At the time, of course, he had no idea that the gig would last as long as it has – "I hoped I could have a lengthy run at it because baseball has always been my favorite sport, but you never know." He couldn't have known that he would still be in the booth years later and have been at Albert Park for all but three home games during that span.
He was there when the Pacifics won the North American Baseball League title in their first season. Likewise, he was there when San Rafael took home Pacific Association championships in 2014, 2015, 2018 and 2019. Had it not been for Covid-19, he would have been there in 2020.
And he's seen a lot from his perch in the booth at the top row of the grandstands:
- Such as the team's first game. "The place was absolutely packed," he recalled, "even down the lines. Players came in through the back fence in convertibles. There were proclamations; TV stations were there; the crowd was boisterous, and the lines at concession stands were long. That's a great memory.
- There, too, was the night in 2012 that San Rafael native and former major leaguer Bill Lee pitched for the Pacifics and became the oldest pitcher to win a professional game. "The crowd that night was as large as that for opener," Carlson said. "The crowd wanted him so much to succeed. He had major conversations when we were at bat - touching base with a lot of people he'd known growing up. The players would always sign autographs after a game, and probably half the crowd wanted his that night. We must have been on the field for an hour after the game."
- Then there was the leadoff hitter who would dawdle long enough to let his entire walkup song play before he would get into the batter's box. "It was obvious – he'd walk several steps past home plate and then turn around and walk back. After a while, I asked the players if that was really happening, and they said it was."
- He remembers seeing Jova get married between games of a doubleheader – "He had tux on; his wife had the flowing white dress; and several teammates were ushers. Then he went out and played the second game."
- There was former big-leaguer Erik Byrnes, who played a couple of games for the Pacifics in 2014.
- And there was the brief time Jose Canseco played for opponents – "They got him to do a home-run derby with locals. Going into last round, a high school kid actually had the lead, but Canseco then hit like four no-doubters into the tennis courts to win."
- Carlson also remembers seeing the rivalry with Sonoma grow – "Not just on the field, but the fans." He recalled a game in which the San Rafael pitcher threw to first base several times to hold a Sonoma runner. The throws weren't close, but the Pacifics' first baseman nonetheless kept slapping the tag down hard on the runner's helmet. "I could see it building. The guy finally lost it on the fifth or sixth throw-over, and a real donnybrook started. It went on for several minutes, and there were several minutes of yelling and finger-pointing after that.
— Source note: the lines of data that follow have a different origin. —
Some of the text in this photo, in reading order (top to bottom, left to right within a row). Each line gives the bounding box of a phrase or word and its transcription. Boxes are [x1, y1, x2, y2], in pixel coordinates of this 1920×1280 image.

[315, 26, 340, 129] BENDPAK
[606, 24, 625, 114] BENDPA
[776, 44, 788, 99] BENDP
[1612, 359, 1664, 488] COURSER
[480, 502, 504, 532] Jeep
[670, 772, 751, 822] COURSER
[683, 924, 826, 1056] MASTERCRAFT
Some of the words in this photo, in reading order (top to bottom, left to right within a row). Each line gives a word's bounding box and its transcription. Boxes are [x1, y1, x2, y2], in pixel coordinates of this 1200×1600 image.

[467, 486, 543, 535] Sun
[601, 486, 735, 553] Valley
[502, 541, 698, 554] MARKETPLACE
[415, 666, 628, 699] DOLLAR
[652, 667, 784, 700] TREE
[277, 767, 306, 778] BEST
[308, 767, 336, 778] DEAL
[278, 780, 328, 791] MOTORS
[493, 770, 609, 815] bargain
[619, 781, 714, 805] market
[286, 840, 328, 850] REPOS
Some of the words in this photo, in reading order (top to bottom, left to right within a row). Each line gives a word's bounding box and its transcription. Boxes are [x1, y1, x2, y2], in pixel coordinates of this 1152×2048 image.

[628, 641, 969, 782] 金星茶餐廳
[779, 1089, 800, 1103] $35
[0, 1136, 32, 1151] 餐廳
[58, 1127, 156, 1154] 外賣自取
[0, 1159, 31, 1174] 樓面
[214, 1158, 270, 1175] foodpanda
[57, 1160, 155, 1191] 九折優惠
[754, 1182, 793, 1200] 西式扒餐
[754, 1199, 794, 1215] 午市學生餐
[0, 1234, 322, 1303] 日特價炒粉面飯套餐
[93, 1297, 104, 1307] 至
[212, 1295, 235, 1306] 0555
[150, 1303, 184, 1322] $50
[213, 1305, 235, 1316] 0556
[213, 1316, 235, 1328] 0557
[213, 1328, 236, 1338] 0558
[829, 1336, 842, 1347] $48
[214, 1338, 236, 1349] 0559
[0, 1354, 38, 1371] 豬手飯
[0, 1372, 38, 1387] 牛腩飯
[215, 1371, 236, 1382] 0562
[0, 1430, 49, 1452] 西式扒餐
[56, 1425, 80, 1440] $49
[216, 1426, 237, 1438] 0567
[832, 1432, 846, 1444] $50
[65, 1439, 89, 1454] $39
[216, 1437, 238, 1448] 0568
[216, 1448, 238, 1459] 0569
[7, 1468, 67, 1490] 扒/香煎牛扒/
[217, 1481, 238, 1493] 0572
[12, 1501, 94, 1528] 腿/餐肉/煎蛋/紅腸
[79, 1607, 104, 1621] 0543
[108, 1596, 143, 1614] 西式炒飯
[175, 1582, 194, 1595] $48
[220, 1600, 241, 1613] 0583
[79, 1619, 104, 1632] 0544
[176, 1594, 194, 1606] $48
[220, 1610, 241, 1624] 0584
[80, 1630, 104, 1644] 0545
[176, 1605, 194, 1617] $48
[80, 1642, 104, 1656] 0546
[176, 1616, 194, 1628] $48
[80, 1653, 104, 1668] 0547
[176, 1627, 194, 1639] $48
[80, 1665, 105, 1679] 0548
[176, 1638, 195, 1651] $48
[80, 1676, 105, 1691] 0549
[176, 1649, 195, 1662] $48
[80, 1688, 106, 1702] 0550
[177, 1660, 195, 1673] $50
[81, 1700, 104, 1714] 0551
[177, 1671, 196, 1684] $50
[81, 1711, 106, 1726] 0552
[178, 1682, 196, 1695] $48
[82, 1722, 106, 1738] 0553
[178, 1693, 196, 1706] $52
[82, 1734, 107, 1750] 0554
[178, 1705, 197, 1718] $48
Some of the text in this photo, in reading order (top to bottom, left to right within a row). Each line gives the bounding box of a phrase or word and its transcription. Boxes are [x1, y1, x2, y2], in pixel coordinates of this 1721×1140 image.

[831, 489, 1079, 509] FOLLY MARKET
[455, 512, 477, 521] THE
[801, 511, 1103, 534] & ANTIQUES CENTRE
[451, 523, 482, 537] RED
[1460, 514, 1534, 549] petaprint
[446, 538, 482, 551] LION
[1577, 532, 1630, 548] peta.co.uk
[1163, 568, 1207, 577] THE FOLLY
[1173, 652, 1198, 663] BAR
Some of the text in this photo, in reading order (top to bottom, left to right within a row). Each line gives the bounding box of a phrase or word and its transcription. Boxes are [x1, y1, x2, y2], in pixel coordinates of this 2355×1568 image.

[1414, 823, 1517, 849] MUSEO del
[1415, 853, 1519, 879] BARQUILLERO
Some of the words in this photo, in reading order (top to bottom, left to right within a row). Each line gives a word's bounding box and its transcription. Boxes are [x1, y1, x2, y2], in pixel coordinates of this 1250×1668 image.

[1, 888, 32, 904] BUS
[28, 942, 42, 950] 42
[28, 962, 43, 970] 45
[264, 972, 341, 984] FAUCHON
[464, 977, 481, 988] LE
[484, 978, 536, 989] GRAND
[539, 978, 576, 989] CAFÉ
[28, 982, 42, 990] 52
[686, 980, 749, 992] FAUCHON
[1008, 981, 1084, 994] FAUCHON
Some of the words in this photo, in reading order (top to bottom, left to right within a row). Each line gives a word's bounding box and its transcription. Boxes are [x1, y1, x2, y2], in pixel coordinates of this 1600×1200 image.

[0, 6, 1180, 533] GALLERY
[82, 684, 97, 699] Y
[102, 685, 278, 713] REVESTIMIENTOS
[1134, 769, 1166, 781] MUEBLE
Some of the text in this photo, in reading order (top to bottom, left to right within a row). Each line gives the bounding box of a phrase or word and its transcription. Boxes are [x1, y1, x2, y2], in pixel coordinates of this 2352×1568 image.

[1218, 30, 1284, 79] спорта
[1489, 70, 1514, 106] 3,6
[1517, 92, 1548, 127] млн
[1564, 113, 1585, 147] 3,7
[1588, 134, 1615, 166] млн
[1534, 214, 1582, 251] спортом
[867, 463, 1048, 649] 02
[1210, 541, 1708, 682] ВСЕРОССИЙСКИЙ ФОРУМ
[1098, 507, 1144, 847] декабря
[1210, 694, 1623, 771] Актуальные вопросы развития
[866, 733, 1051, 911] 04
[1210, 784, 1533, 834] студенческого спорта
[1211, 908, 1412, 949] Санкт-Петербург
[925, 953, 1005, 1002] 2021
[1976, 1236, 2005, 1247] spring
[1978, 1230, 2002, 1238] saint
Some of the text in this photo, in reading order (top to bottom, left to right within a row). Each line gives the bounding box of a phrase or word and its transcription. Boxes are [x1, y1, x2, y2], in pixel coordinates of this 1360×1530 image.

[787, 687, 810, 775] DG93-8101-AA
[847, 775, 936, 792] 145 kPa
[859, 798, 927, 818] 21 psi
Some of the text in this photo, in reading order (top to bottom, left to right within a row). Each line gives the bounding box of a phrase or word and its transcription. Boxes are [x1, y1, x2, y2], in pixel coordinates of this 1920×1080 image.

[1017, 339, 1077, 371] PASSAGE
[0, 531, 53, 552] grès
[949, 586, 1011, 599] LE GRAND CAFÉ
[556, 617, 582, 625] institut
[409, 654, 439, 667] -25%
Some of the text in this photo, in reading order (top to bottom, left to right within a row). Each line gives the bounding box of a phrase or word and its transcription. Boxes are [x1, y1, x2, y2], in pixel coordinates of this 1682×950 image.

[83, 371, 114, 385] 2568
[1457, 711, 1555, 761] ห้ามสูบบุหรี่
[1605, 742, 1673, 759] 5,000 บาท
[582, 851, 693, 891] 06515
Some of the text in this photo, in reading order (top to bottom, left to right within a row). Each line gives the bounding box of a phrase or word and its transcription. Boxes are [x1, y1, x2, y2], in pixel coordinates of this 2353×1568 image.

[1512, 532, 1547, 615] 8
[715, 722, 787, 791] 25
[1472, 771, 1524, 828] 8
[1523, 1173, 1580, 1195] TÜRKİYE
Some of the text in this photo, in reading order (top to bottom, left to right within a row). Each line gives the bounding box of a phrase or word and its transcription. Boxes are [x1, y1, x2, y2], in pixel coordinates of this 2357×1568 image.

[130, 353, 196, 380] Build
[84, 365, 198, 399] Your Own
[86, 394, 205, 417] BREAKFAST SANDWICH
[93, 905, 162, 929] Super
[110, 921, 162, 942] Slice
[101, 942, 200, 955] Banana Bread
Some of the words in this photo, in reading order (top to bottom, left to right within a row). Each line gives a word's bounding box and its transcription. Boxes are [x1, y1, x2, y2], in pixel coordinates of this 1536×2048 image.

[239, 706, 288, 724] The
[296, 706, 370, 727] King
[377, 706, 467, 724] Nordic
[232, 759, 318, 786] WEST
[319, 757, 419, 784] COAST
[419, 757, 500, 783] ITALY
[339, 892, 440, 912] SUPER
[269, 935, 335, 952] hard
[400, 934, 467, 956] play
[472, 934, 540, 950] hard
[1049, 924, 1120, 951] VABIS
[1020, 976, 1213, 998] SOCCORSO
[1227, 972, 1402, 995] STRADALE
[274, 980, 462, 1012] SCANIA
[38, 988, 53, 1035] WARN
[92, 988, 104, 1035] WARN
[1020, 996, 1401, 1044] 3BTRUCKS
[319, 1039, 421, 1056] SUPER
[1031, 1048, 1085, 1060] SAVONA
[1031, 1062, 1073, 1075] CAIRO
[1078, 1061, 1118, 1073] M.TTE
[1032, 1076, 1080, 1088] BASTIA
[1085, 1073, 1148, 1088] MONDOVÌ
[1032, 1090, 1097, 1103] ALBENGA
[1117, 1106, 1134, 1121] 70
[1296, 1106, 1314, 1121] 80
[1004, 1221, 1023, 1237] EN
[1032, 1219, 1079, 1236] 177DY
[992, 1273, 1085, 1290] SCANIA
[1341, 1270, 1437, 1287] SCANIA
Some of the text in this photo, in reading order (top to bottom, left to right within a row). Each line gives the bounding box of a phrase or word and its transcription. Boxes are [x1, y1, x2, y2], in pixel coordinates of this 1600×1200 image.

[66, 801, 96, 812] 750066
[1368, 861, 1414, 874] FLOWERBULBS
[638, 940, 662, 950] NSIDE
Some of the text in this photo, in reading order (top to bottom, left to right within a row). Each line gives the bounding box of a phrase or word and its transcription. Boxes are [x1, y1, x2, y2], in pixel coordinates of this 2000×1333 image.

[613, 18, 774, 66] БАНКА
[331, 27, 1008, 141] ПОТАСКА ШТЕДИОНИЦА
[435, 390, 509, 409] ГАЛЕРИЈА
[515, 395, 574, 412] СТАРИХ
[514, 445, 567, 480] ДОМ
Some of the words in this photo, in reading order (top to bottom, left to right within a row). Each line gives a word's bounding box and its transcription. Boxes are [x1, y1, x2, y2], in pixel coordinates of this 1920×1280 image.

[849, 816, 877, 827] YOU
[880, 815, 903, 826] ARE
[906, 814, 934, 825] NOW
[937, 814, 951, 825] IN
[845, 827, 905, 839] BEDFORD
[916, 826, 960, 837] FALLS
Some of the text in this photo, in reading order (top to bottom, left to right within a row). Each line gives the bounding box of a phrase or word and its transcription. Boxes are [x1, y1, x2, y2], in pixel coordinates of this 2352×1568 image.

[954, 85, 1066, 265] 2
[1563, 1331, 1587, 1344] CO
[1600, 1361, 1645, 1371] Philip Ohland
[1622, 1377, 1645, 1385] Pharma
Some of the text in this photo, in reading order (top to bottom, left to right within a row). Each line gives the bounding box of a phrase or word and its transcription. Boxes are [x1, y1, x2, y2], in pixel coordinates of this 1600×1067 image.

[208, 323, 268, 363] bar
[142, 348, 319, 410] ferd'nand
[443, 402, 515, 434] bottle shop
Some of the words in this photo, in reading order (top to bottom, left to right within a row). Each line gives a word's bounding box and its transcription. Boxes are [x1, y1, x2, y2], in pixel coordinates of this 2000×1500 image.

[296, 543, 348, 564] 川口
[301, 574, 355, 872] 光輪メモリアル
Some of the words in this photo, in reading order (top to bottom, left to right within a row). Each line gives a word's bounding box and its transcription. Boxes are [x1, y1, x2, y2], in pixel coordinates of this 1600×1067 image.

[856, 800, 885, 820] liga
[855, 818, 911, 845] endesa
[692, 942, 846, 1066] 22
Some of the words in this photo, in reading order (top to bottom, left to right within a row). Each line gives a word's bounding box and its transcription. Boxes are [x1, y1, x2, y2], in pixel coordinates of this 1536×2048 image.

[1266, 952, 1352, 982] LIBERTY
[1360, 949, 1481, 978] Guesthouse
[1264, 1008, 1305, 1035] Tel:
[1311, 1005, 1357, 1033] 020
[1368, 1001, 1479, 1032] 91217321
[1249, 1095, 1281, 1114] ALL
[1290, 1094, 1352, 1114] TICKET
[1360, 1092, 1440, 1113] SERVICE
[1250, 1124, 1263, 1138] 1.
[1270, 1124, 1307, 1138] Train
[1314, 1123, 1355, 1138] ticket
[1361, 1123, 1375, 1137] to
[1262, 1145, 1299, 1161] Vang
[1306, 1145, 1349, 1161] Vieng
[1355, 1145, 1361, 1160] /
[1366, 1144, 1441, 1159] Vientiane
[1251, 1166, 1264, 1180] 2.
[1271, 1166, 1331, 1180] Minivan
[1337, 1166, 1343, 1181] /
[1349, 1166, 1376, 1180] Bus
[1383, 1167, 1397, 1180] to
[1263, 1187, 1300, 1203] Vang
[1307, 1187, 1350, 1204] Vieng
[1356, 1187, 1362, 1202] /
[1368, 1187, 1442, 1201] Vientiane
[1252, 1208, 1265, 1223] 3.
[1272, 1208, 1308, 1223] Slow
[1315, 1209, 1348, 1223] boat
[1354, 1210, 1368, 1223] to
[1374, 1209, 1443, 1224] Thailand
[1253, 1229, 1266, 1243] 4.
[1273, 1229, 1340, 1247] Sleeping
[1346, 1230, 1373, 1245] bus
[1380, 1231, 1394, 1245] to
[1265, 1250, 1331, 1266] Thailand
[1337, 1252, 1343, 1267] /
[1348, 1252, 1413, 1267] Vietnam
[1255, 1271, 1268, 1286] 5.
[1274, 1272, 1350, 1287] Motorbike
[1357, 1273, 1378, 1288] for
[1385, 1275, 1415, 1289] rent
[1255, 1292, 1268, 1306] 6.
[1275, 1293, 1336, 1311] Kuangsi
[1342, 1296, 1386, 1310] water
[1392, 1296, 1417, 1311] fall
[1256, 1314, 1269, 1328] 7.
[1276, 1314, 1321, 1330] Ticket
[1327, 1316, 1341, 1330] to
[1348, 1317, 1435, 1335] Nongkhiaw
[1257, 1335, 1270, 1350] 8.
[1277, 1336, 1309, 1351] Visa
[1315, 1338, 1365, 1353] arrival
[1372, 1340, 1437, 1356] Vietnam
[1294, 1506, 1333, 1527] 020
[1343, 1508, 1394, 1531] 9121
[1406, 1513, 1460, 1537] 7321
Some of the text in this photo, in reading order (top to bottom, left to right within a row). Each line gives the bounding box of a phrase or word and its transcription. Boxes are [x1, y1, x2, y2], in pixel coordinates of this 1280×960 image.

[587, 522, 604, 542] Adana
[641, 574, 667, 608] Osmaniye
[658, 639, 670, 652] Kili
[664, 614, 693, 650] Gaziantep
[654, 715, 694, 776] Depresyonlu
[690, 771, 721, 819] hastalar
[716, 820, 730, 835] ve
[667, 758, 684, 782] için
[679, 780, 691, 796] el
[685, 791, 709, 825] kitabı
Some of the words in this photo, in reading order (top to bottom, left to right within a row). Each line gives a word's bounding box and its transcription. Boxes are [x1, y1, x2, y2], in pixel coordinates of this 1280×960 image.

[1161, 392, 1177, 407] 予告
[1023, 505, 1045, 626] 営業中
A woman fan on our side finally yelled, ‘There are children here!!' I'd never heard that during a baseball fight before."
Naturally, he's hoping to add to his store of memories in 2021, the team's first in the Pecos League.
"I've worked with a lot of great people over the years and have had a great time," he said. "I'm always excited when a new season comes around, but probably more so this time. I really missed it last year."